* **What to work on**
Reproduce all of the entries below exactly, without images.

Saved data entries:
□ □ □ □ □ □ □
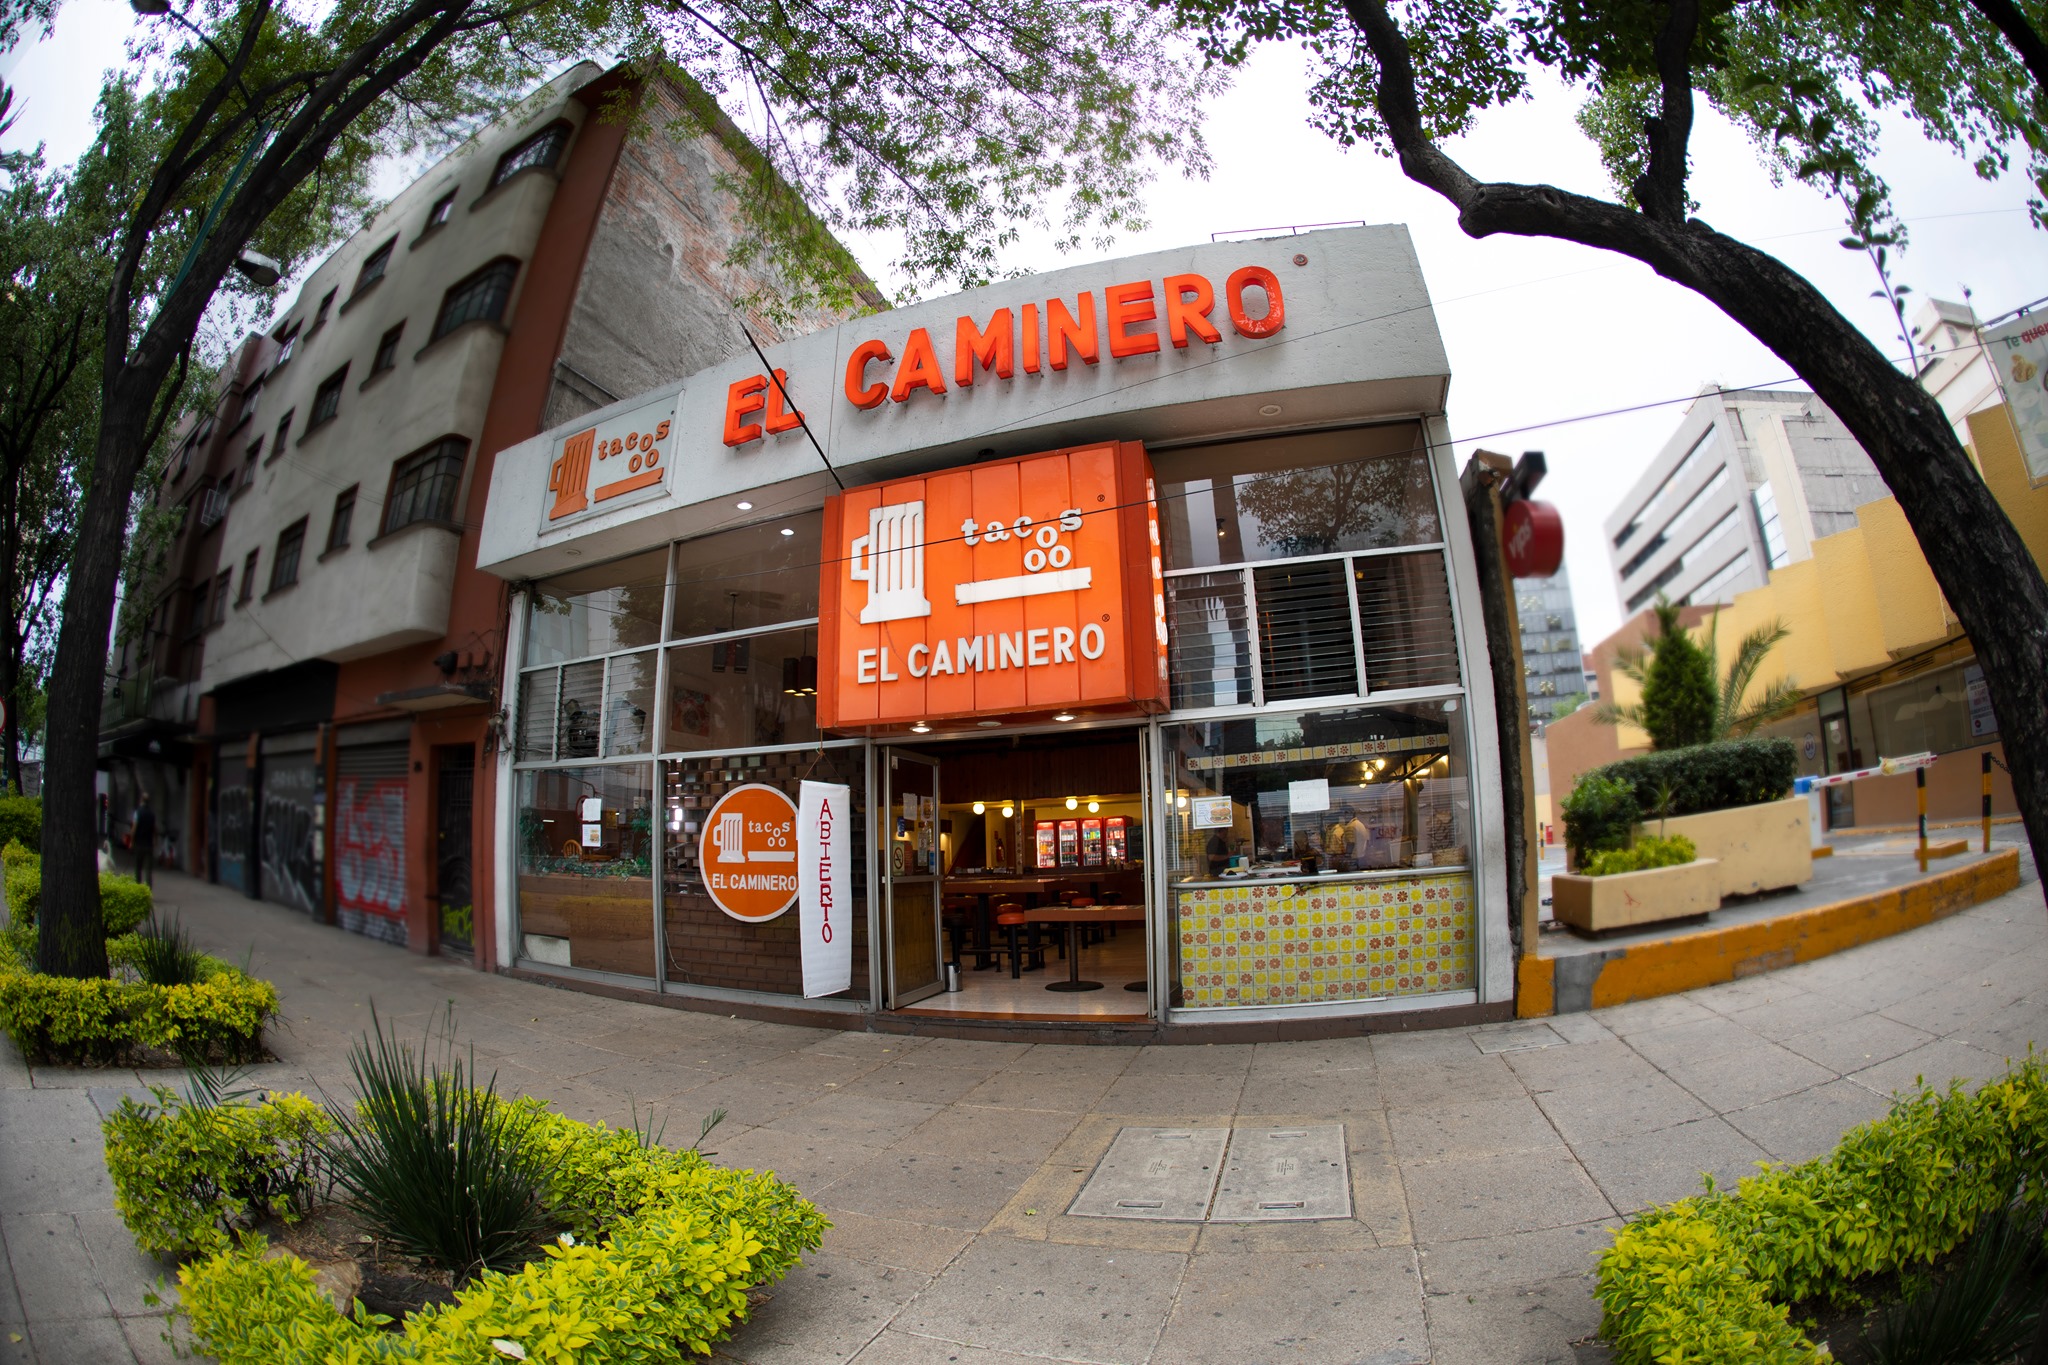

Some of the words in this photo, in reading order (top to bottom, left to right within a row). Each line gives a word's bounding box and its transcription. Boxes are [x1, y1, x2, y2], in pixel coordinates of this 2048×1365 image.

[723, 368, 805, 447] EL
[844, 265, 1286, 409] CAMINERO
[857, 646, 898, 684] EL
[907, 622, 1105, 677] CAMINERO
[712, 874, 727, 889] EL
[730, 874, 797, 891] CAMINERO
[819, 798, 834, 944] ABIERTO
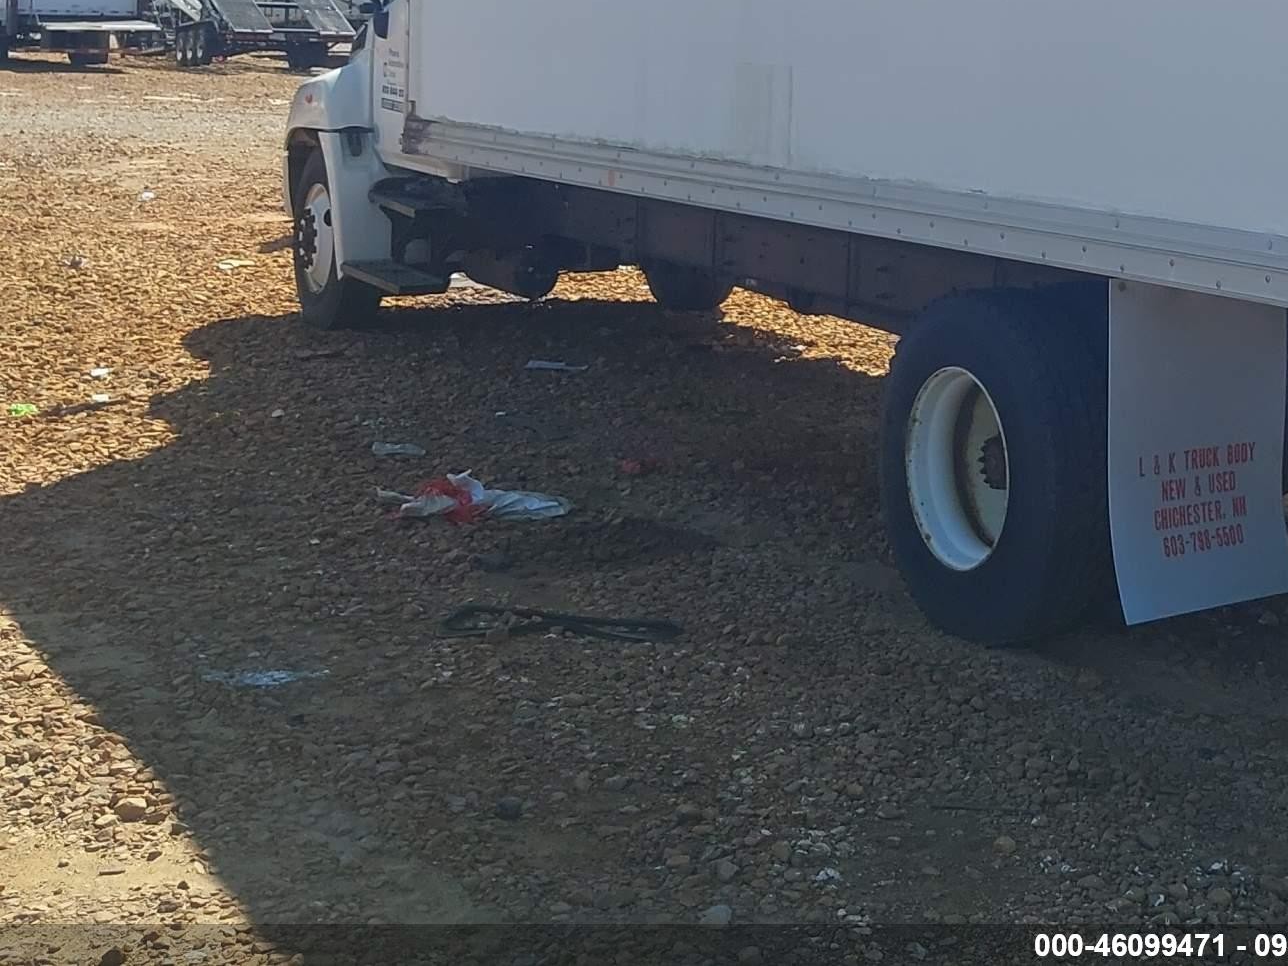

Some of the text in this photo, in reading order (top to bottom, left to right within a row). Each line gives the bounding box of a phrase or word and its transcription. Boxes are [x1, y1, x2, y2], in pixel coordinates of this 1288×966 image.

[1139, 442, 1256, 477] L & K TRUCK BODY
[1161, 471, 1236, 502] NEW & USED
[1232, 496, 1247, 517] NH
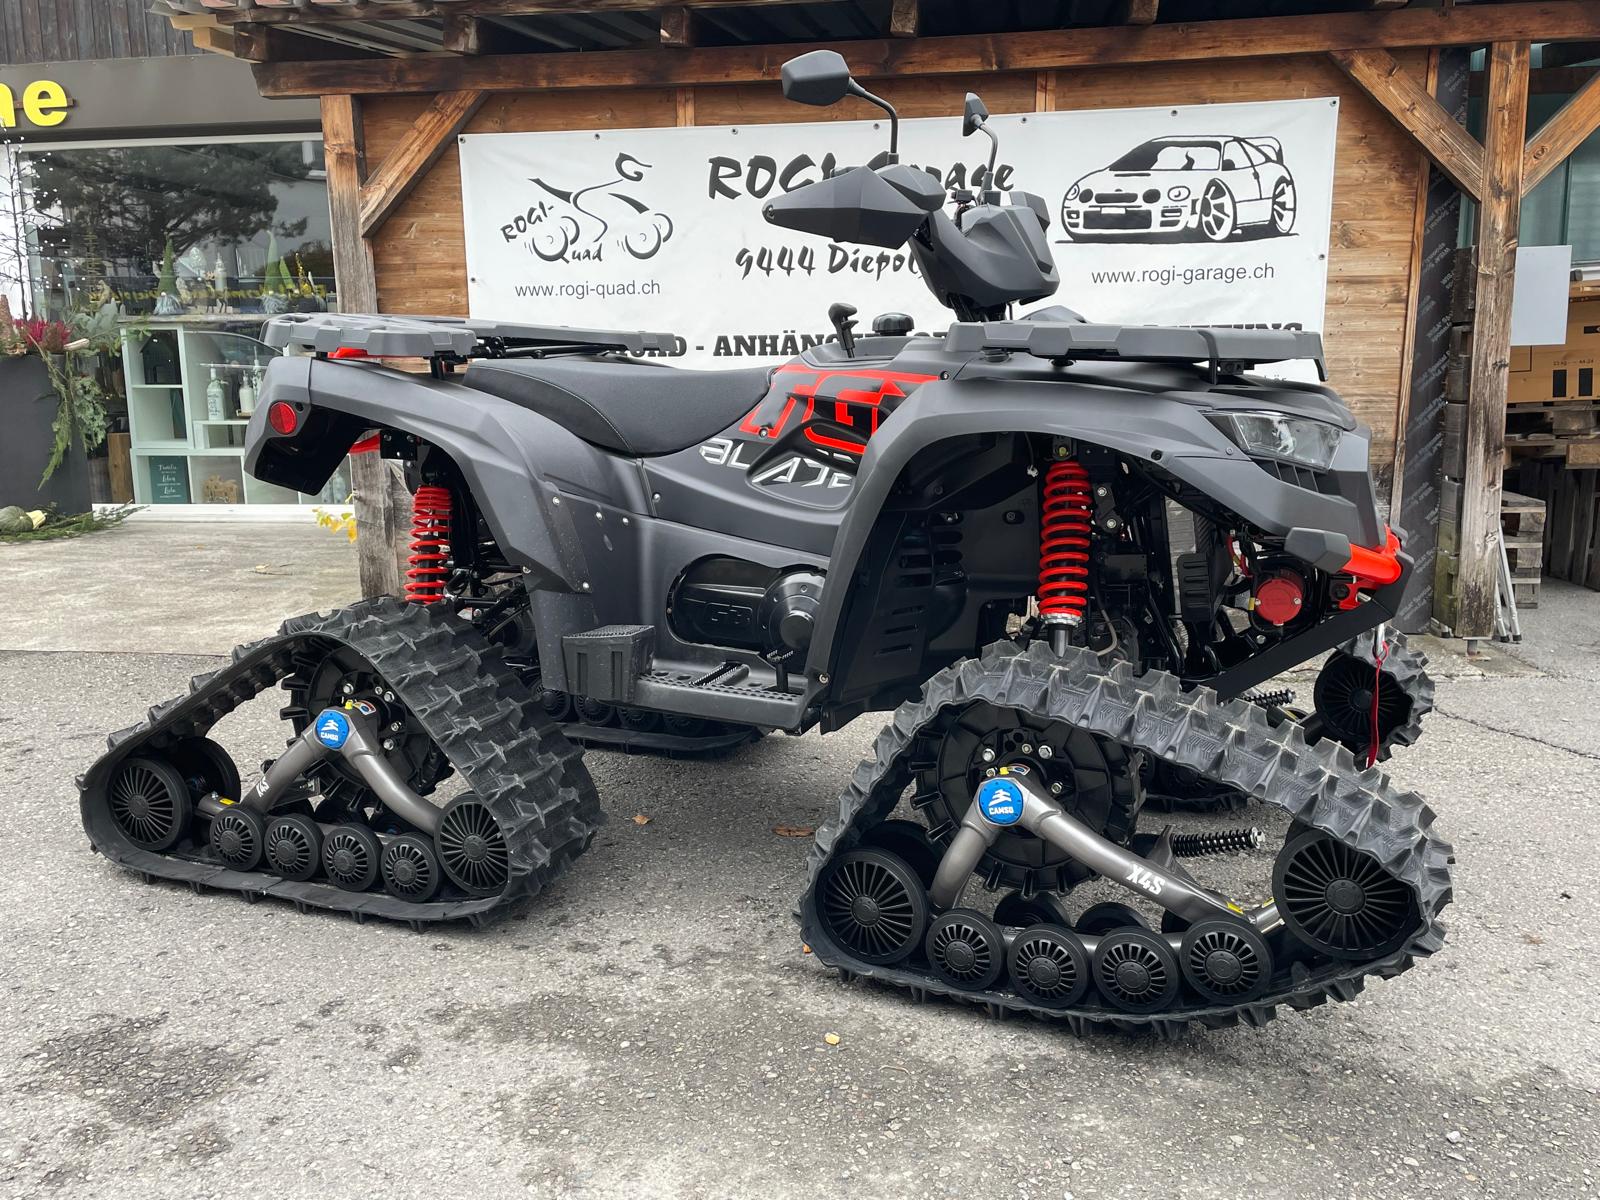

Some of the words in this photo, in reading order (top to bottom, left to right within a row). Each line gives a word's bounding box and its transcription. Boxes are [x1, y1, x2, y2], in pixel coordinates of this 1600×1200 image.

[735, 246, 816, 281] 9444
[1091, 262, 1275, 286] www.rogi-garage.ch
[515, 280, 661, 299] www.rogi-quad.ch
[988, 806, 1014, 815] CAMSO
[1126, 862, 1166, 895] X4S
□ □ □ □ □ □ □
* **Answer to this exercise**
Some of the words in this photo, in reading order (top to bottom, left to right within a row). Each line gives a word's bounding box and its transcription. Boxes are [x1, y1, x2, y2], in pixel coordinates of this 2048×1365 image.

[723, 368, 805, 447] EL
[844, 265, 1286, 409] CAMINERO
[857, 646, 898, 684] EL
[907, 622, 1105, 677] CAMINERO
[712, 874, 727, 889] EL
[730, 874, 797, 891] CAMINERO
[819, 798, 834, 944] ABIERTO

Some of the text in this photo, in reading order (top to bottom, left to right within a row). Each line gives the bounding box of a phrase or word and its transcription. Boxes are [x1, y1, x2, y2], in pixel coordinates of this 1288×966 image.

[1139, 442, 1256, 477] L & K TRUCK BODY
[1161, 471, 1236, 502] NEW & USED
[1232, 496, 1247, 517] NH

Some of the words in this photo, in reading order (top to bottom, left to right within a row). Each line gives a word's bounding box and its transcription. Boxes are [x1, y1, x2, y2], in pixel coordinates of this 1600×1200 image.

[735, 246, 816, 281] 9444
[1091, 262, 1275, 286] www.rogi-garage.ch
[515, 280, 661, 299] www.rogi-quad.ch
[988, 806, 1014, 815] CAMSO
[1126, 862, 1166, 895] X4S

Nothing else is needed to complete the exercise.